Give The Gift Of Meat

September 28, 2009 in Wordsmoker Publishing

A number of years ago the American Beef Council or some purveyor of fine meats used the saying “Give the Gift of Meat” as a  holiday sales campaign slogan.   Those of us with somewhat juvenile senses of humor thought that was incredibly funny.

Today there are still some businesses that use the slogan without trying to be intentionally comedic.  Many of these ad campaigns come from Australia, where it is well-known that the inhabitants are generally free of the affliction of irony.

gift the gift of meat

(By the way, when searching for images for this slogan you might want to turn “safe search” on.  Or not.  Whatever.)

You also can go to the fossil farms website and find the following ad:

Exotic Meat Package Specials

Now if you are like me, there is something funny about the phrase “Exotic Meat Package Specials.”   And giving an Exotic Meat Package as a gift?   Well that’s just freakin’ hilarious. 

I bring this up as a way of introducing the topic of giving.

There are many ways to show your support for our beloved little Wordsmoker community.    Just reading, writing and commenting are far and away the most important.  Wordsmoker mainly exists because people who generally don’t have much to give in the way of financial resources are willing to contribute in ways that are far more important.  They give their time and wit and commitment.  They give their writing:  and every writer knows that no matter how slight the text may be, writing is never easy and sometimes the writing is painful.   So if you do nothing else, just keep doing what you are already doing, because that is what makes this place succeed.

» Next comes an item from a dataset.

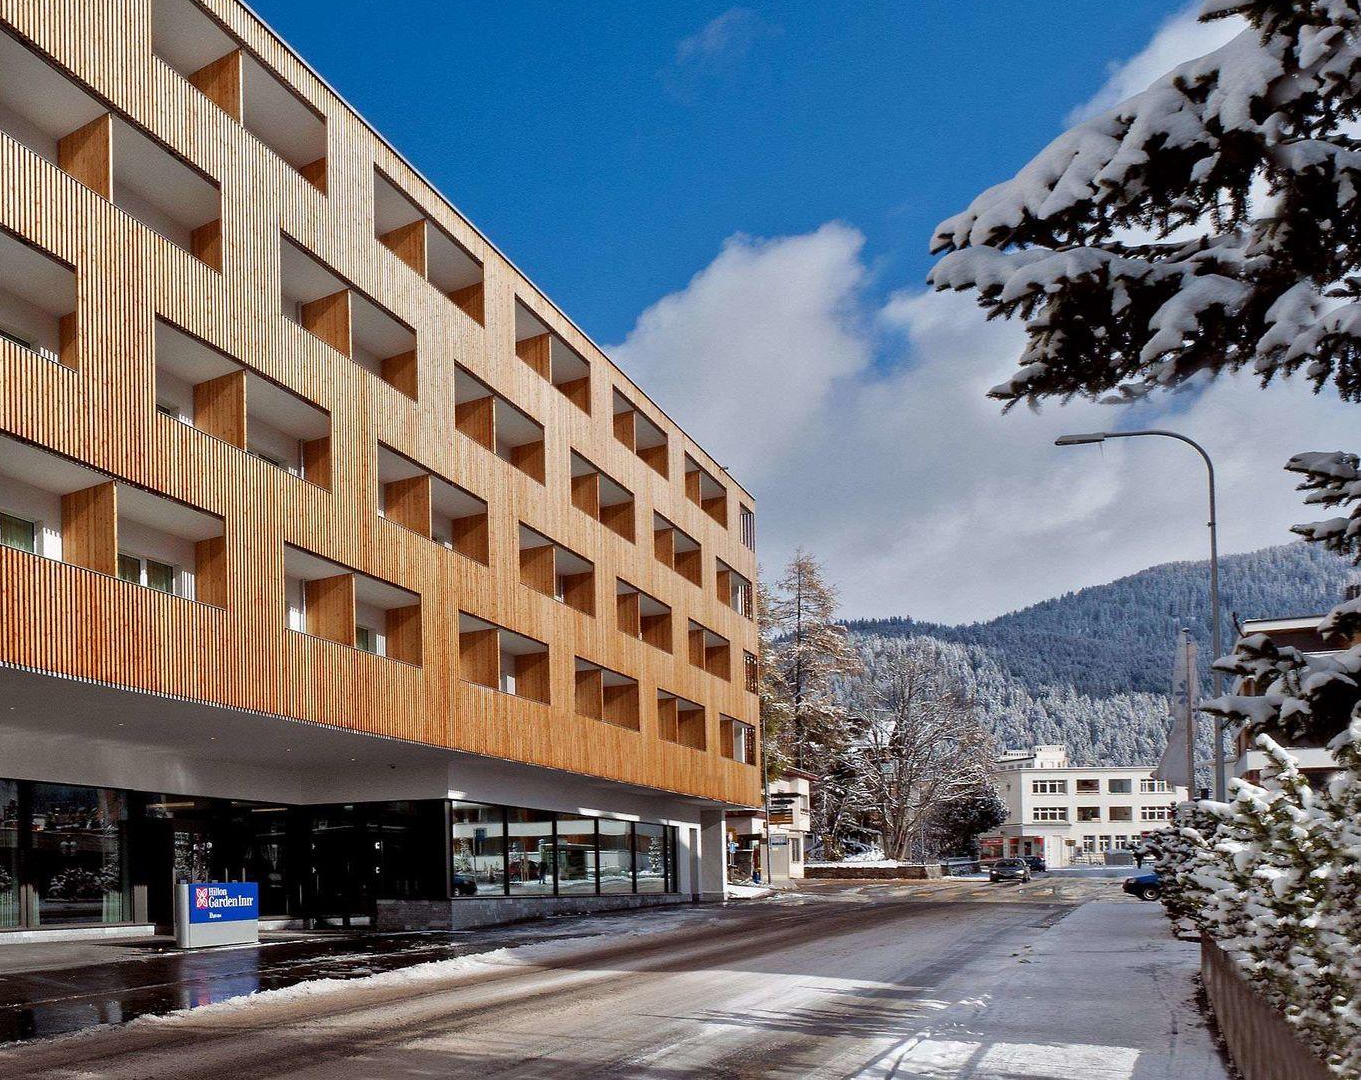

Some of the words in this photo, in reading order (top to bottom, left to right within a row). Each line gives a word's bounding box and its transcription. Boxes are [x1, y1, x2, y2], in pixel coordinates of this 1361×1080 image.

That said, here are three more ways to support this site:

#1 The first one is free and easy.  Look in the upper right corner of your window and make sure that you do not have AdBlock on.

APB Green  YES!


ABP Red  NO!The ABP Button should be Green:

Not Red.



If you need to change the settings just open the drop-down menu using the little arrow on the right.

ABP Menu

#2 The second way to support the site is to donate.  For those of you who are not familiar with our little community, we all contribute our writing for free. This includes our fine editor who puts a shitload of time and effort and expertise into keeping this little experiment going.     No one is making any profit out of this.  But the ad support and contributions do help our editor pay for the technological support that we need, including equipment.

If you can spare a bit of change (and these days you very well may not be able to) then try to remember to put a few bucks in the tip jar every now and then.

Just for fun I have come up with suggested donations based on ones level of un/under-employment:

$ USD £ GBP
$8.00            £5.00          unemployed
$12.00           £7.50          student
$16.00           £10.00        creative underclass
$20.00          £12.50         teacher (untenured/adjunct)
$24.00          £15.00         non-union/non-profit
$32.00 +       £20.00 +    lucky

Wordsmokers may very well wish to change the amounts and categories if these do not seem at all reasonable.   Please share your ideas in the comments below.

Scotland Haggis (Wikimedia Image)#3. Frankly, if the ads and contributions were to make our editor rich — RICH like Richie Rich (aka Alan) — I think that would be fabulous and no one would deserve to be free of poverty more than he.   However, I know he is not the only one amongst our humble community who is struggling financially.

So our undying gratitude and affection and the occasional (and tastefully posed)  photographs of titties are all he really asks for.

And really, isn’t love the greatest gift of all?

Besides meat, that is.


  • http://wordsmoker.com/help/members-3/voxpopuli/ VoxPopuli

    So if I send 20 quid, will the meat arrive on dry ice? Or are you dispatching an exotic male stripper? Will the stripper be on dry ice as well?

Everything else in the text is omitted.